A day earlier, Yankees President Randy Levine testified and denied conspiring with MLB on A-Rod's suspension.
Levine was asked a series of questions by Rodriguez lawyer Joseph Tacopina, according to another person with knowledge of the proceeding, who also spoke on condition of anonymity because of the hearing's confidentiality provision.
The person said Levine testified for 10-15 minutes and denied having any personal gain from Rodriguez's suspension or the Yankees falling under the luxury tax threshold; and of having an agreement to receive a commission of any money the team saved because of the ban.
Levine also denied discussing Rodriguez's discipline with Major League Baseball or Selig and telling Rodriguez surgeon Dr. Bryan Kelly or anyone else that he wanted the player off the field, the person said.
The person said Levine testified he may have jokingly used the phrase "is he off the juice?" when talking with Rodriguez about other players who weren't performing. Levine testified he had no exact recollection.
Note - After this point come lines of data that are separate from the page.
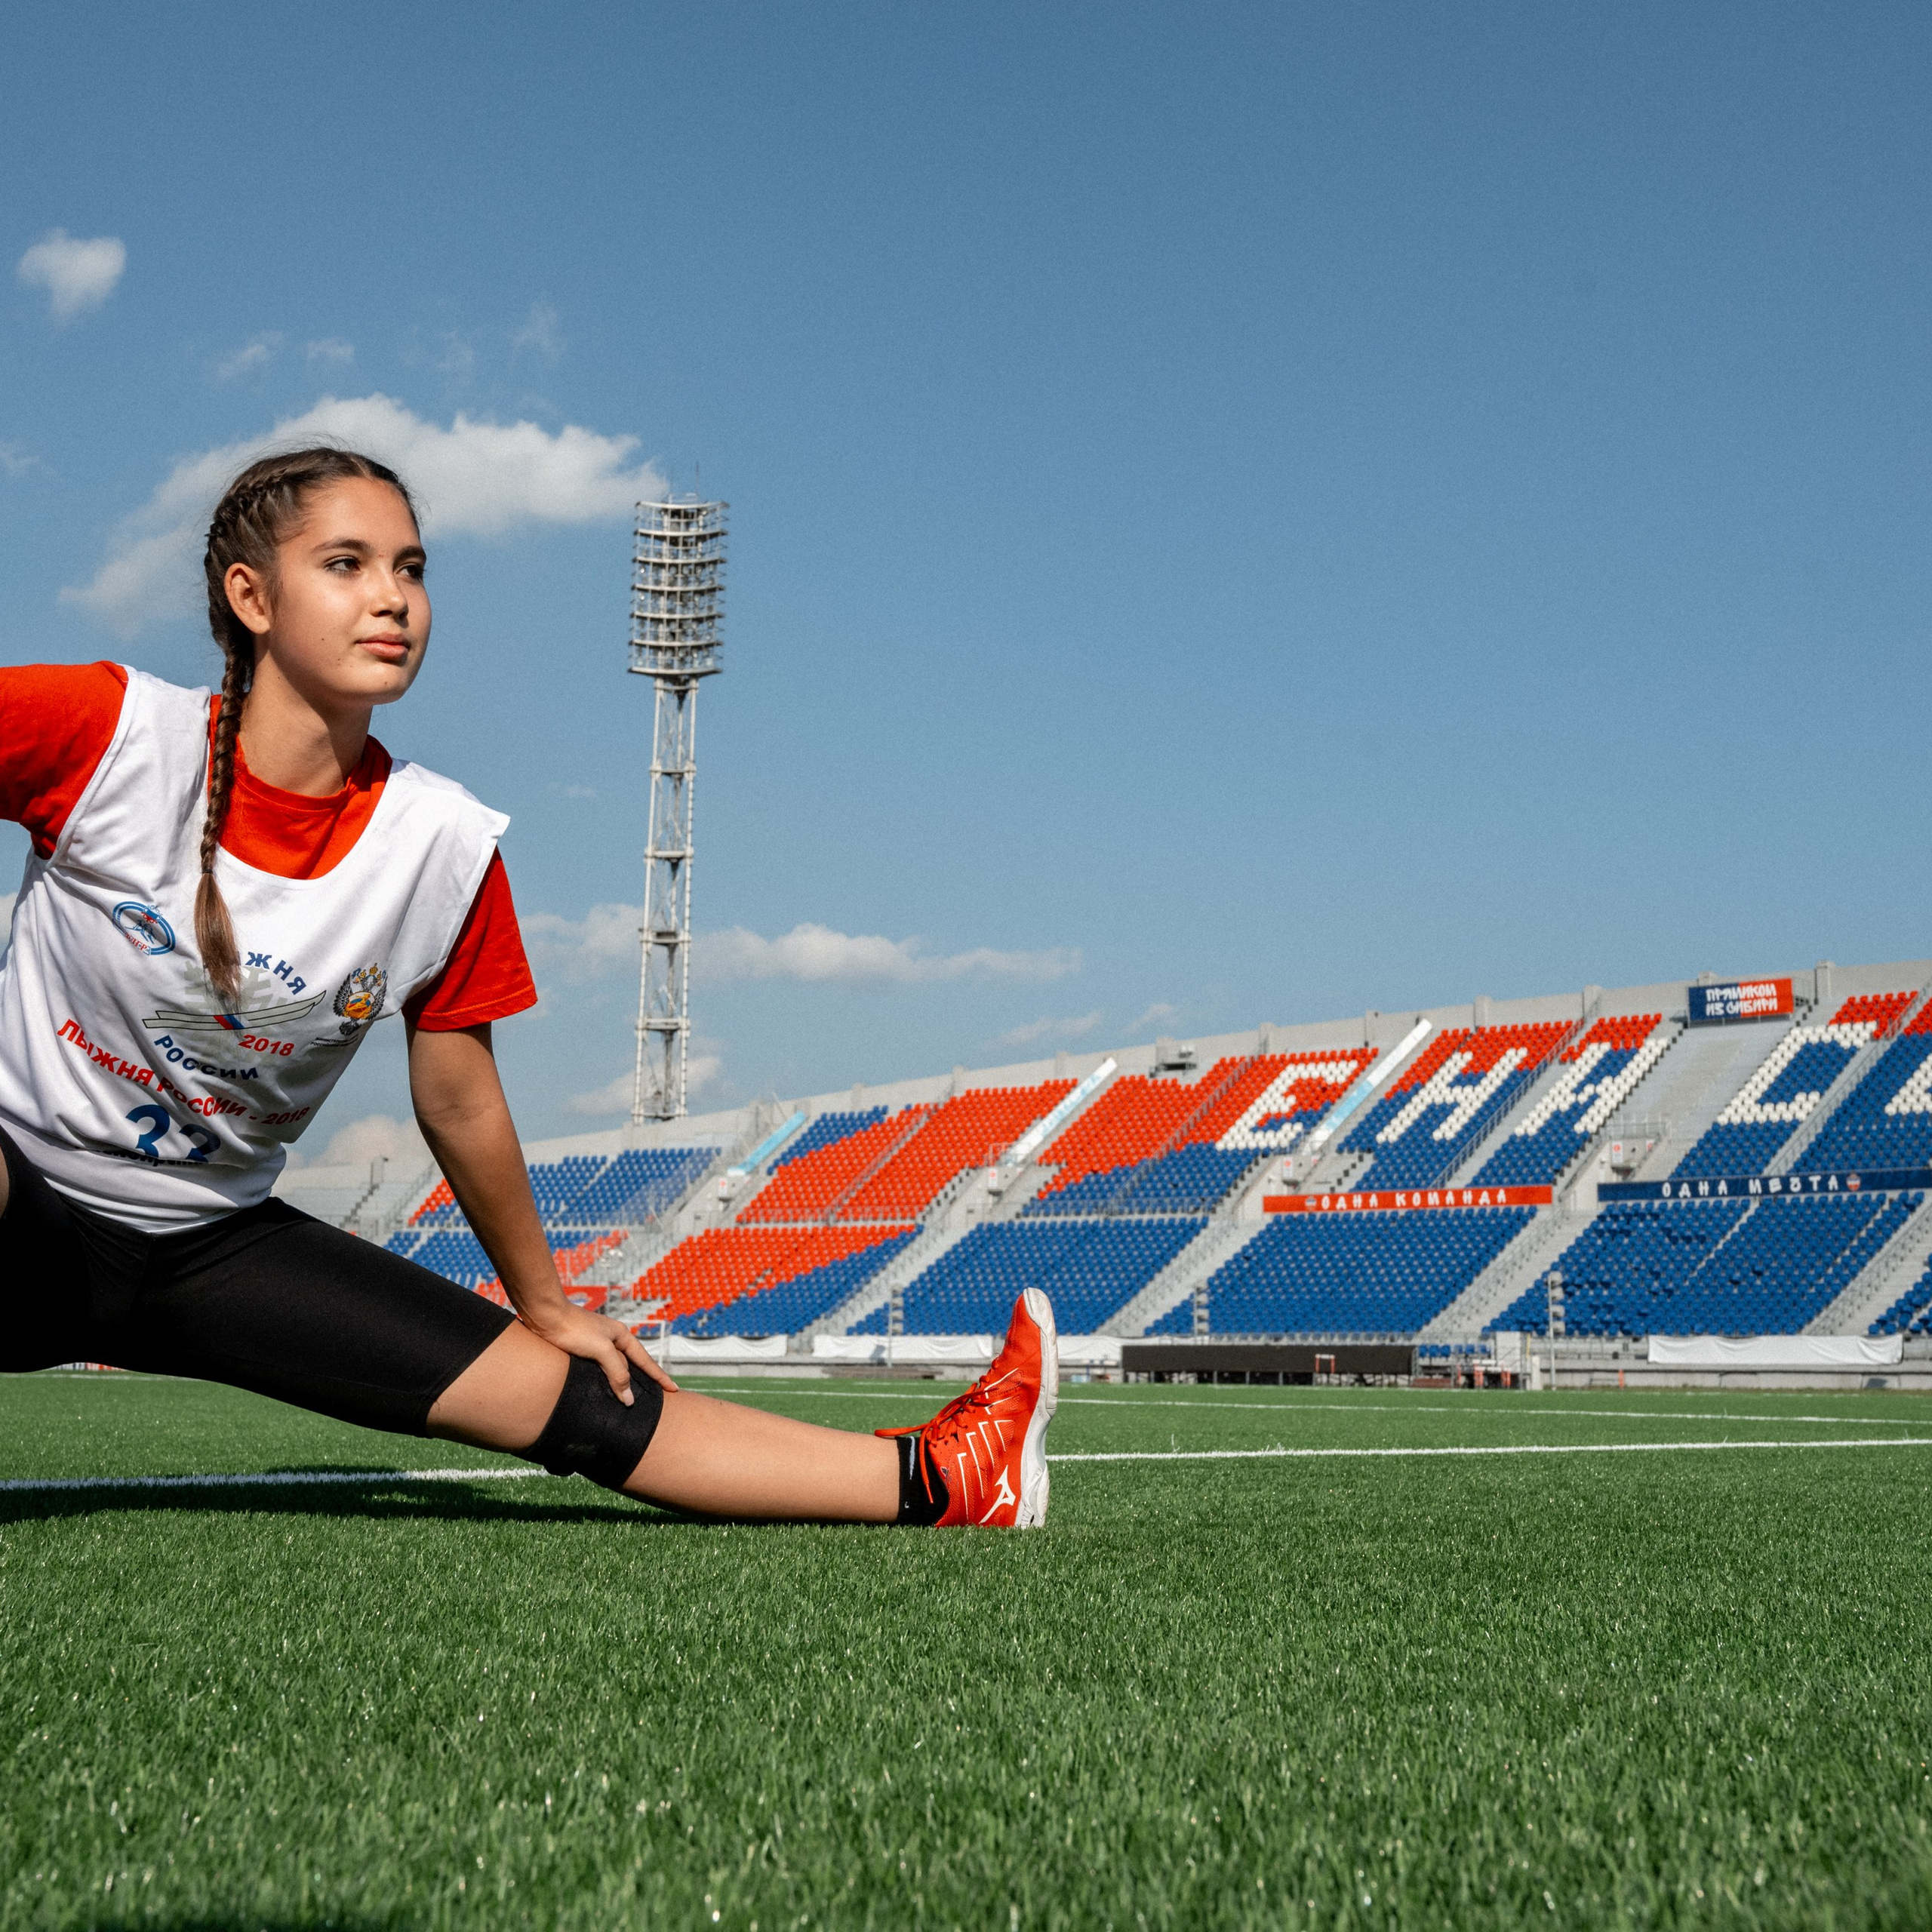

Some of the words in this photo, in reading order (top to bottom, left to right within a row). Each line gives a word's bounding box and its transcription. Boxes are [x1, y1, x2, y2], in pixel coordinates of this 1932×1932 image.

[245, 952, 306, 995] ЖНЯ
[1706, 983, 1777, 1001] ПРЯМИКОМ
[1706, 1001, 1724, 1016] ИЗ
[1726, 998, 1778, 1014] СИБИРИ
[238, 1034, 294, 1056] 2018
[57, 1019, 155, 1086] ЛЫЖНЯ
[156, 1077, 248, 1117] РОССИИ
[154, 1035, 258, 1080] РОССИИ
[1662, 1179, 1728, 1198] ОДНА
[1321, 1193, 1378, 1211] ОДНА
[1395, 1189, 1506, 1206] КОМАНДА
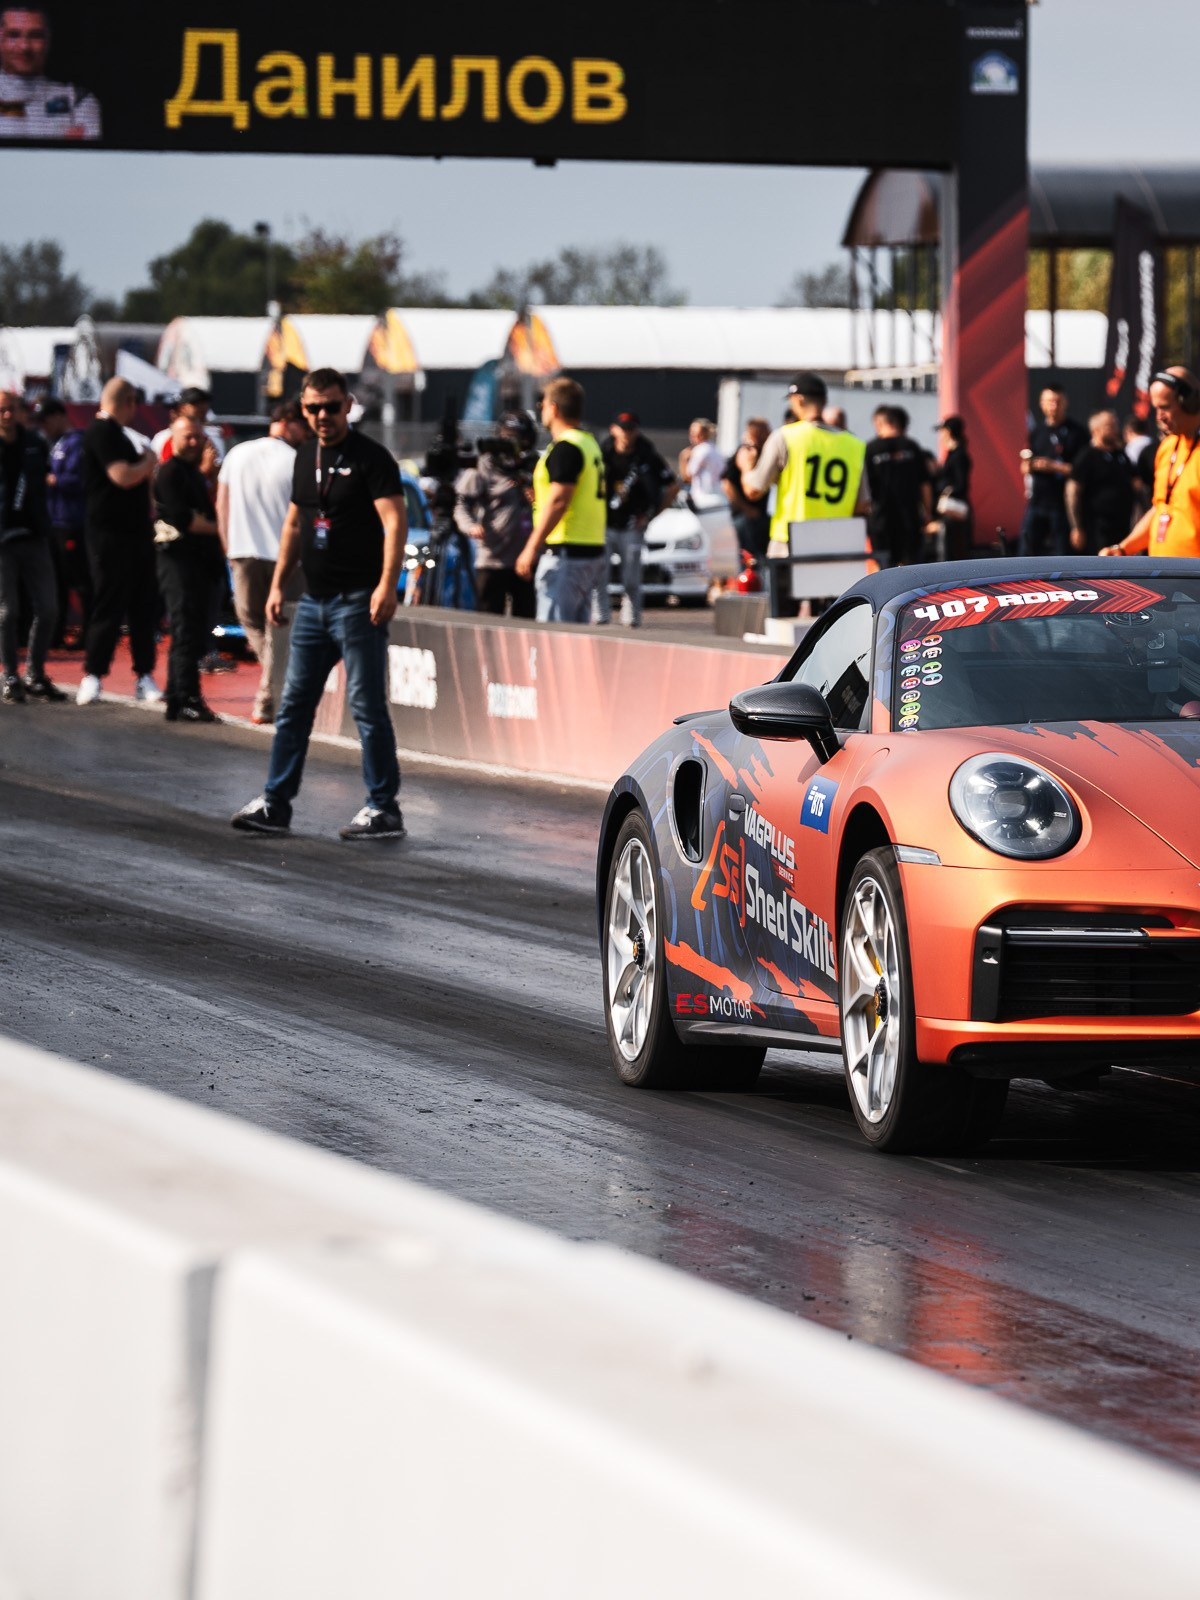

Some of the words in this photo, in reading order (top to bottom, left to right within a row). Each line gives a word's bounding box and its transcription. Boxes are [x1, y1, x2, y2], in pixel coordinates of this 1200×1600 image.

[165, 28, 628, 130] Данилов
[805, 453, 849, 504] 19
[913, 595, 990, 622] 407
[995, 589, 1099, 607] RDRC
[810, 791, 827, 817] ВТБ
[744, 803, 796, 870] VAGPLUS
[778, 865, 794, 884] SERVICE
[745, 862, 789, 945] Shed
[675, 993, 708, 1015] ES
[709, 995, 753, 1020] MOTOR
The hearing resumed Monday before Horowitz, who also heard the case from Sept. 30-Oct. 3 and Oct. 15-18.
Howard Gans, a lawyer for MLB, said in papers filed in federal court that Horowitz will hear the case daily through Nov. 26 rather than the original plan to recess after Friday and resume Dec. 16.
MLB said U.S. District Judge Edgardo Ramos in Manhattan issued an order Tuesday compelling Michael Sitrick, head of the public relations firm Sitrick & Co., to comply with a Sept. 19 subpoena issued by Horowitz to appear at the arbitration and to provide documents. Sitrick & Co. worked on Rodriguez's behalf earlier this year.
In papers filed in New York Supreme Court on Oct. 29, MLB alleged Sitrick & Co. had provided records from Bosch to Yahoo Sports, which published a story Feb. 5 saying the name of 2011 NL MVP Ryan Braun appeared in records of Biogenesis of America, the Florida anti-aging clinic accused of distributing banned performance-enhancing drugs.
MLB said in the court papers it believed the documents had been "provided to Sitrick & Co. by Rodriguez or others acting on his behalf." Miami New Times had reported Jan. 29 that Rodriguez bought human growth hormone and other performance-enhancing substances from Biogenesis during 2009-12.
Sitrick's lawyers, who had the matter removed to federal court, did not respond to an email seeking comment on Ramos' order, which MLB said was read from the bench.
Braun agreed July 22 to a season-ending 65-game suspension. Rodriguez was suspended Aug. 5 for alleged violations of the sport's drug agreement and labor contract, and the players' union filed the grievance to overturn the penalty. Under baseball's drug agreement, he was allowed to continue playing while contesting the discipline.
The three-time AL MVP said four years ago he used PEDs while with the Texas Rangers from 2001-03, but has denied using them since. At the time of his suspension, MLB said the penalty was for "use and possession of numerous forms of prohibited performance-enhancing substances, including testosterone and human growth hormone over the course of multiple years" and for "engaging in a course of conduct intended to obstruct and frustrate the office of the commissioner's investigation."